Information supplied section start
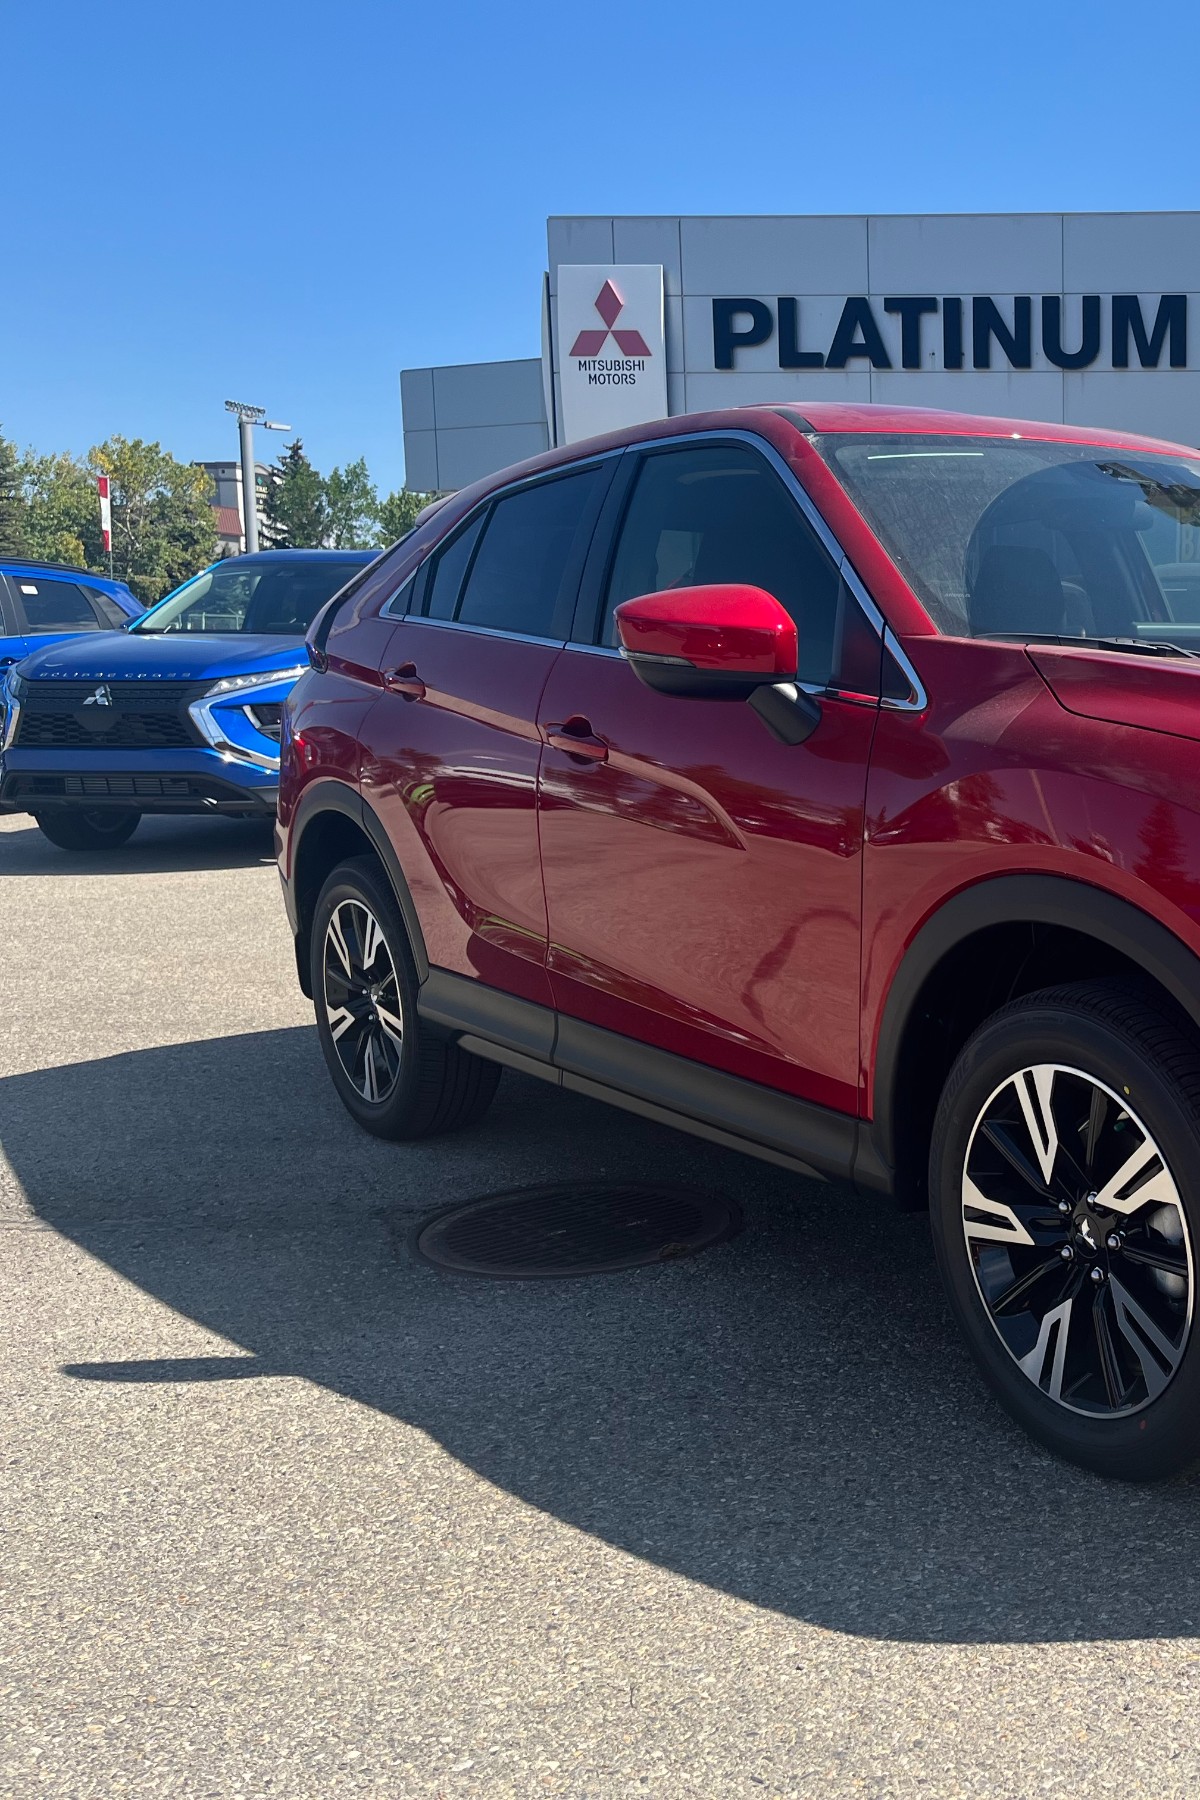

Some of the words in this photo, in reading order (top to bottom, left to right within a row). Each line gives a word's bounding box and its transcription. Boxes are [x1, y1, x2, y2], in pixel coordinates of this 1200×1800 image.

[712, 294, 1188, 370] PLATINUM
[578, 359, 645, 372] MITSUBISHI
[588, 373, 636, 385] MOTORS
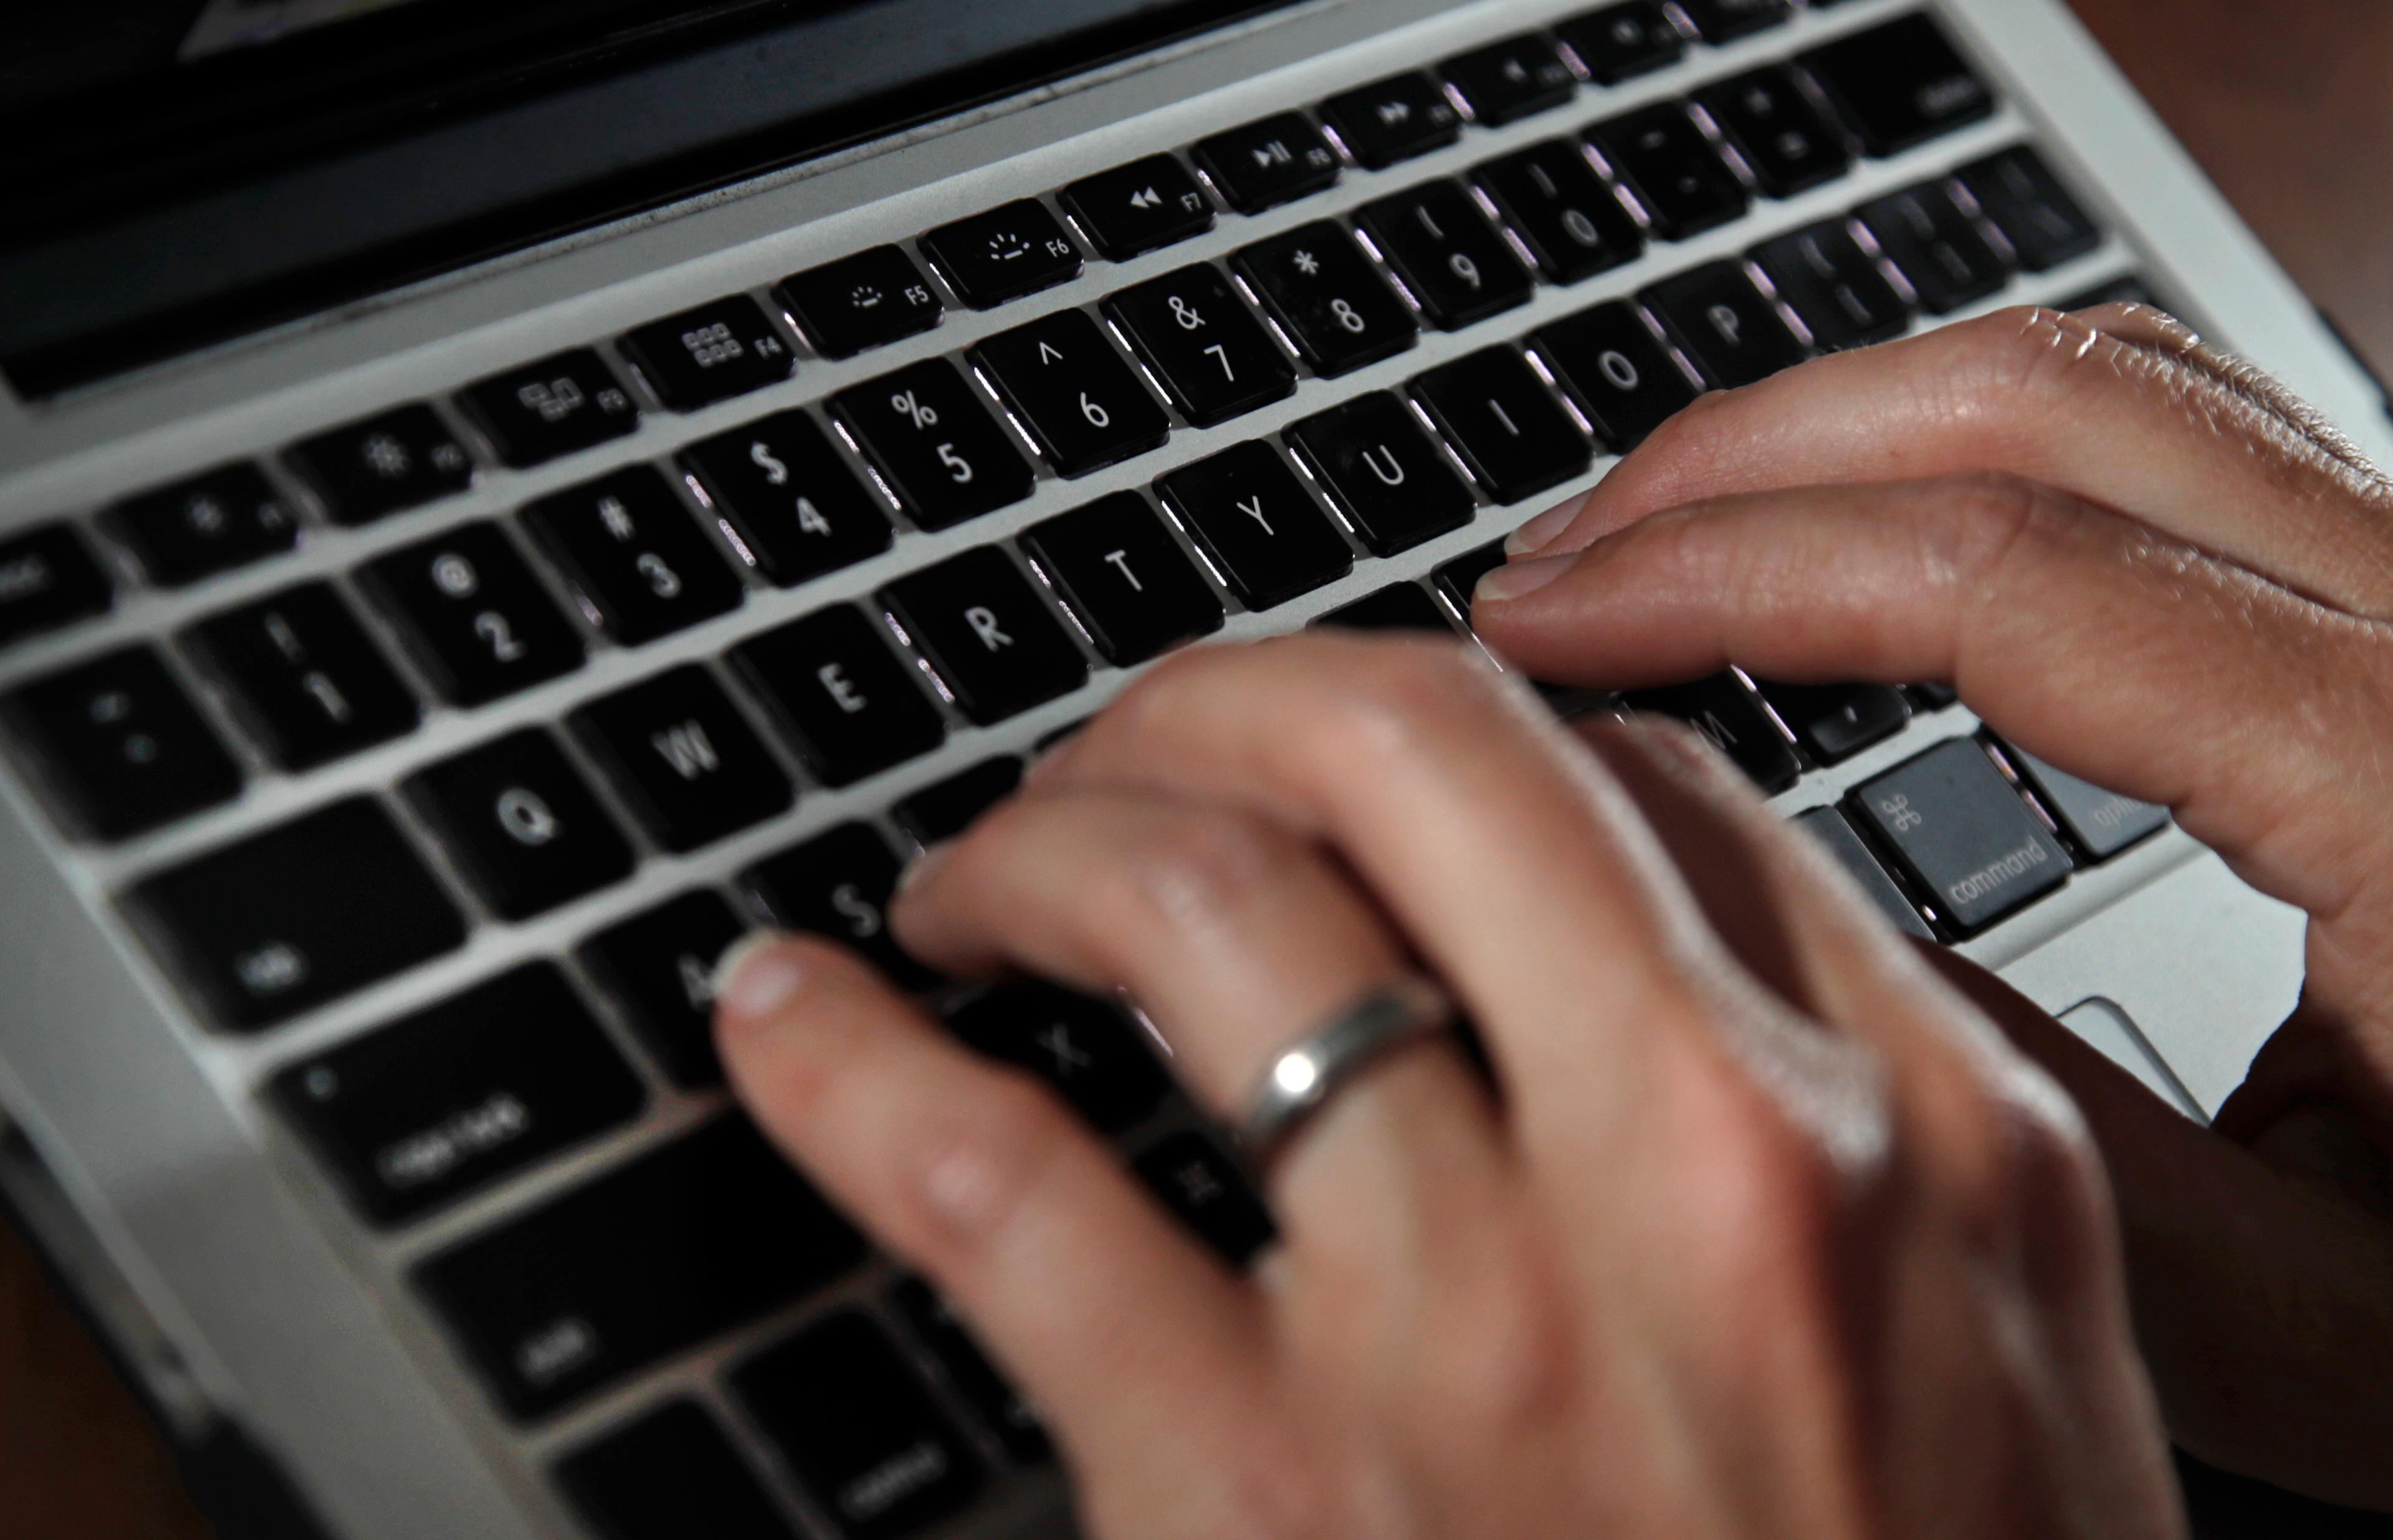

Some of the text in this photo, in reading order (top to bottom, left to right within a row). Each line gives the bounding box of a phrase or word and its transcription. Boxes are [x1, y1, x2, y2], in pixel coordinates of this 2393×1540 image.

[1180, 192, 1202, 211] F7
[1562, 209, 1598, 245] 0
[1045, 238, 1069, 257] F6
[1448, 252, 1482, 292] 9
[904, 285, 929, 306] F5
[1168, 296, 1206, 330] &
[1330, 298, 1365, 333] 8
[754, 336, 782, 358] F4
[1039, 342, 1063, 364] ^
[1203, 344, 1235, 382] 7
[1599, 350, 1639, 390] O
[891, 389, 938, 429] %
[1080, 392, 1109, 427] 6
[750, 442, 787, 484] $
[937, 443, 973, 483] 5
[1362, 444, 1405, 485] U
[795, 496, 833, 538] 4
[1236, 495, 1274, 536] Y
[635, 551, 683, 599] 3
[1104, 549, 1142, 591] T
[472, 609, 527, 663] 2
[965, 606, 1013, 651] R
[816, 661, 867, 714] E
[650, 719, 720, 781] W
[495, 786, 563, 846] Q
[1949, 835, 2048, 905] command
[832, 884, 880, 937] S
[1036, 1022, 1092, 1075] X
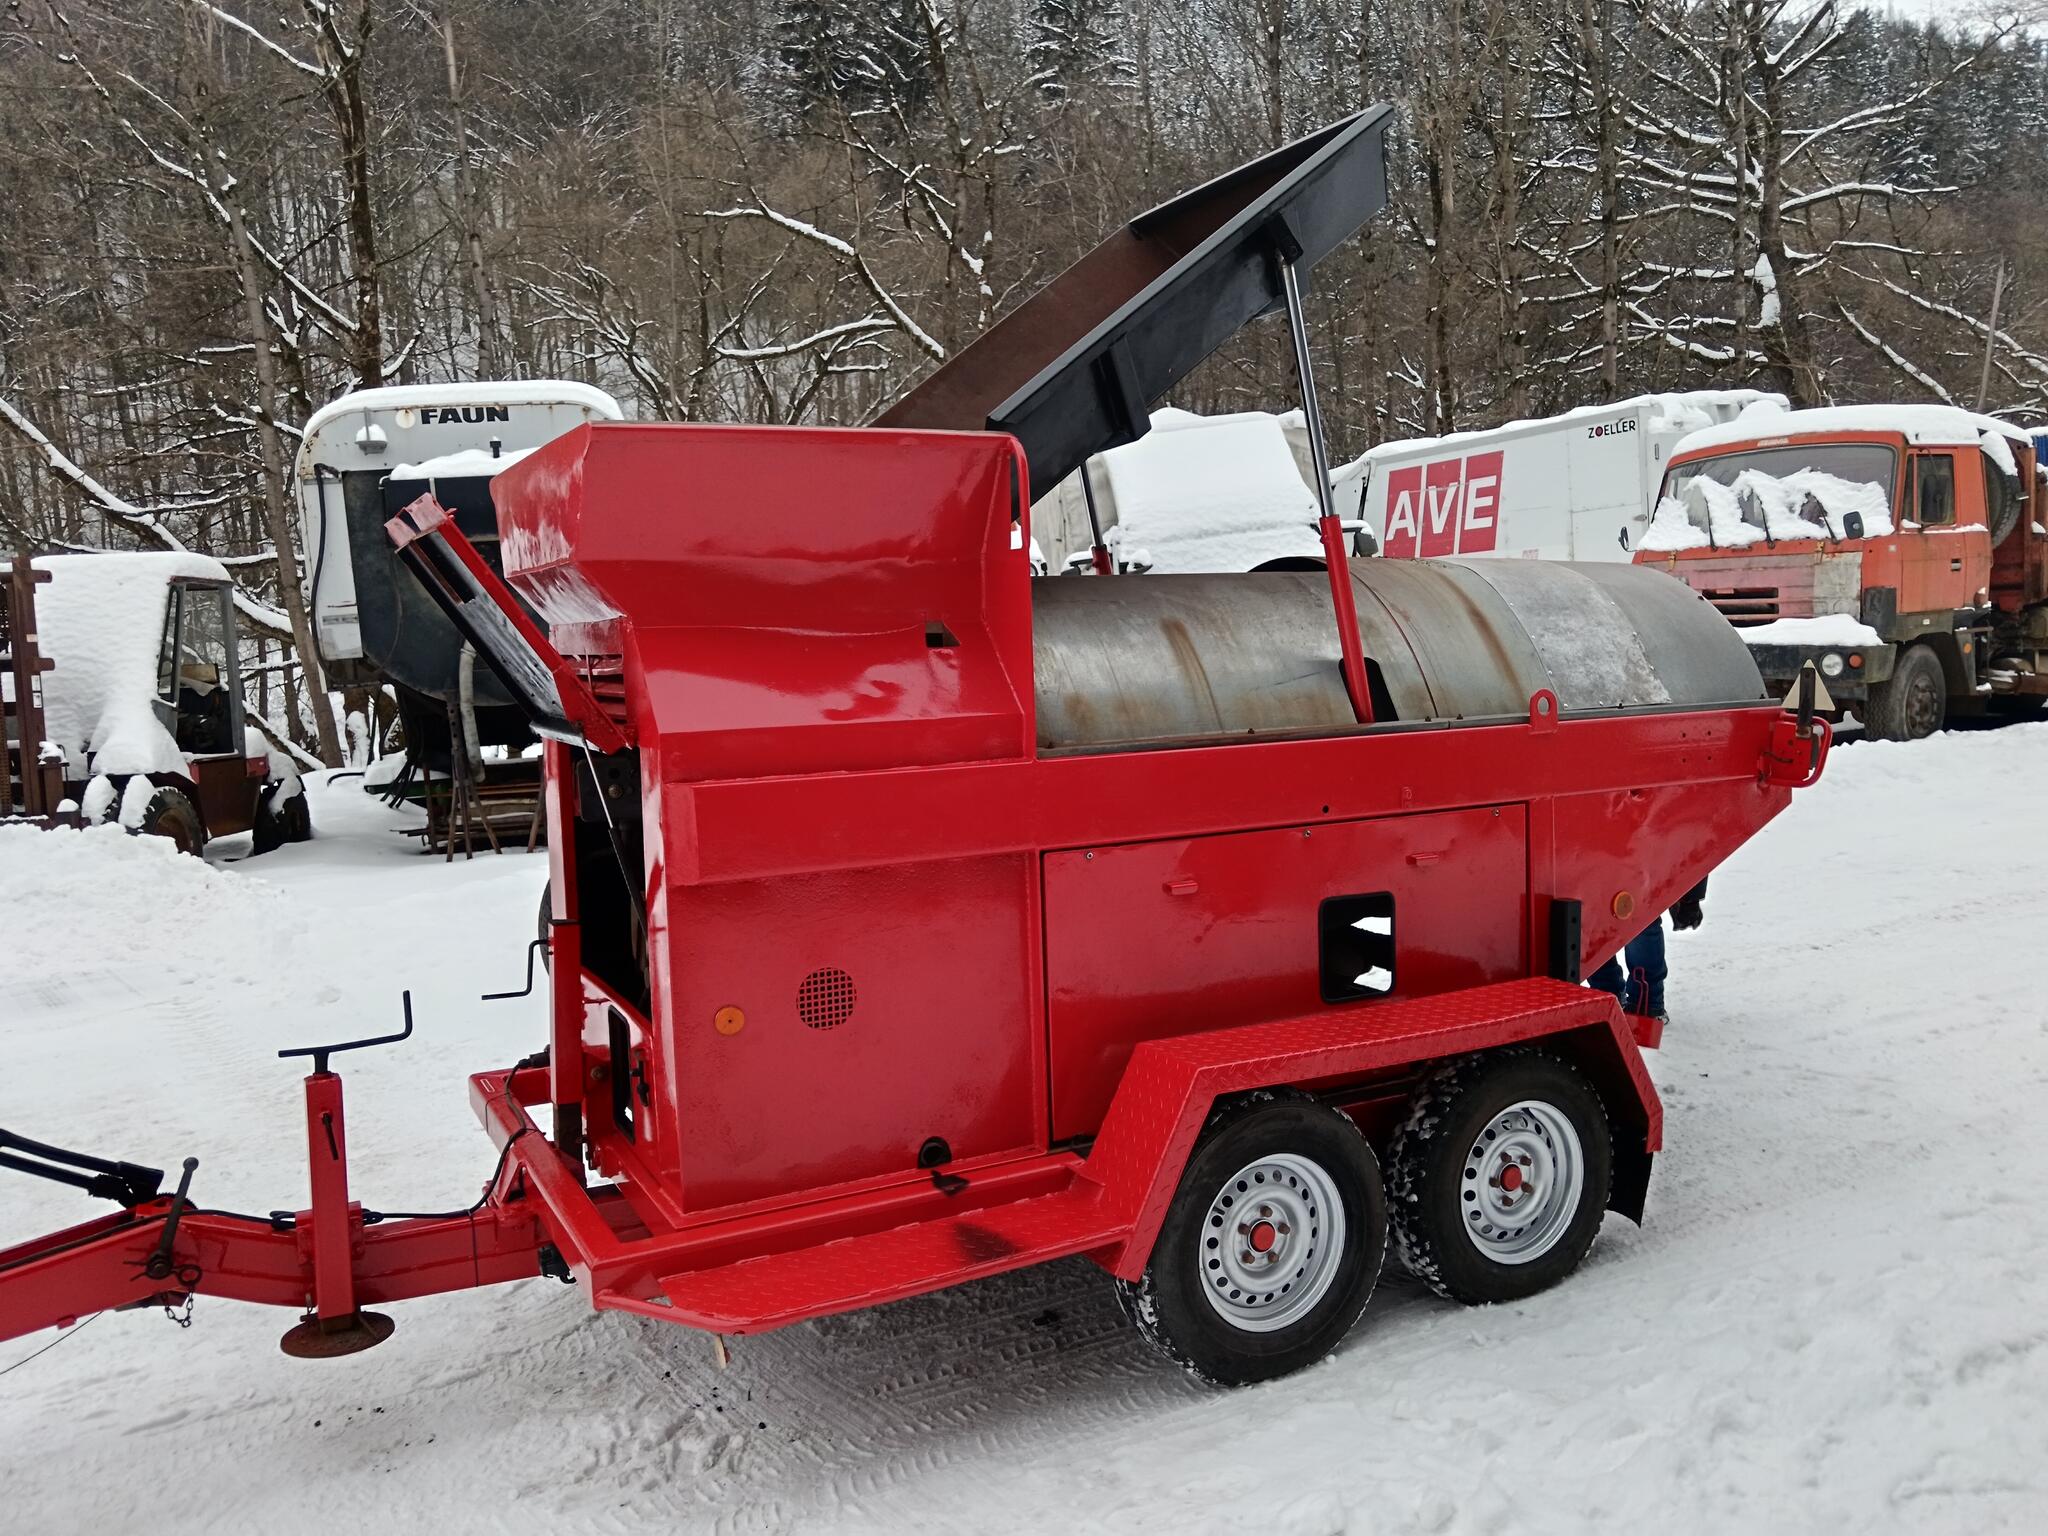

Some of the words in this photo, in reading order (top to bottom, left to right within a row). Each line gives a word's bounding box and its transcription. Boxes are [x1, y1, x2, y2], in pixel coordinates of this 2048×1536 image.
Information supplied section end
• _The task_: Leave the pictures out and reproduce each record exactly as written.

• _Response box_:
Some of the words in this photo, in reading order (top to bottom, left to right within a row). Each line gives a word's bounding box and its transcription. Boxes are [x1, y1, x2, y2], in pixel coordinates of this 1200×1800 image.

[712, 294, 1188, 370] PLATINUM
[578, 359, 645, 372] MITSUBISHI
[588, 373, 636, 385] MOTORS

Some of the text in this photo, in reading order (top to bottom, left to right within a row). Each line gives the bounding box of a phrase or word and its transcription. Boxes are [x1, y1, x2, y2], in pixel coordinates of this 2393×1540 image.

[1180, 192, 1202, 211] F7
[1562, 209, 1598, 245] 0
[1045, 238, 1069, 257] F6
[1448, 252, 1482, 292] 9
[904, 285, 929, 306] F5
[1168, 296, 1206, 330] &
[1330, 298, 1365, 333] 8
[754, 336, 782, 358] F4
[1039, 342, 1063, 364] ^
[1203, 344, 1235, 382] 7
[1599, 350, 1639, 390] O
[891, 389, 938, 429] %
[1080, 392, 1109, 427] 6
[750, 442, 787, 484] $
[937, 443, 973, 483] 5
[1362, 444, 1405, 485] U
[795, 496, 833, 538] 4
[1236, 495, 1274, 536] Y
[635, 551, 683, 599] 3
[1104, 549, 1142, 591] T
[472, 609, 527, 663] 2
[965, 606, 1013, 651] R
[816, 661, 867, 714] E
[650, 719, 720, 781] W
[495, 786, 563, 846] Q
[1949, 835, 2048, 905] command
[832, 884, 880, 937] S
[1036, 1022, 1092, 1075] X

Some of the words in this photo, in reading order (top to bottom, left to right within a row). Each line gives a word's bounding box and its transcription. Boxes are [x1, y1, x2, y2], in pixel coordinates of this 2048×1536 image.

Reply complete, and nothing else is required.